Posttransplant lymphoproliferative disorders in organ allograft recipients are most commonly of B cell origin, whereas T cell lymphomas are rarely described. We report a case of T cell immunoblastic large cell lymphoma associated with Epstein-Barr virus (EBV) that occurred in a recipient of a cadaveric renal transplant 7 years posttransplantation. On paraffin immunophenotyping, none of the neoplastic cells stained with the T cell-associated markers used, but did show strong CD30 expression. Flow cytometric studies revealed a predominance of T cells without definite evidence of T cell neoplasia. Frozen section immunophenotyping studies revealed a T cell phenotype with aberrant expression, and genotypic studies demonstrated T cell receptor beta gene rearrangement with germline configuration of immunoglobulin heavy chain and kappa light chain genes, confirming a T lineage.

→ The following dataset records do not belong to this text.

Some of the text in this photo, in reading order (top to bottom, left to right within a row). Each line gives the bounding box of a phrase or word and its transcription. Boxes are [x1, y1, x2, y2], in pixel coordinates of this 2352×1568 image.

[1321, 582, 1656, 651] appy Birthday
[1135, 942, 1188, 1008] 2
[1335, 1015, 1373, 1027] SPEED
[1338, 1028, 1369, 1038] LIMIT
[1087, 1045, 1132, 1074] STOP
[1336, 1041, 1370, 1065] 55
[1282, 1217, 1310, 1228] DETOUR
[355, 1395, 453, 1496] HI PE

EBV-encoded RNA transcripts were demonstrated within the neoplastic cells by in situ hybridization. Southern blot analysis using probes derived from the terminal repeat region of the virus detected a single restriction band indicating a clonal population. We believe this is the first case of a posttransplant T cell lymphoma in which the EBV genome has been demonstrated. This case also illustrates the pitfalls of paraffin immunophenotyping in the diagnosis of T cell lymphoma.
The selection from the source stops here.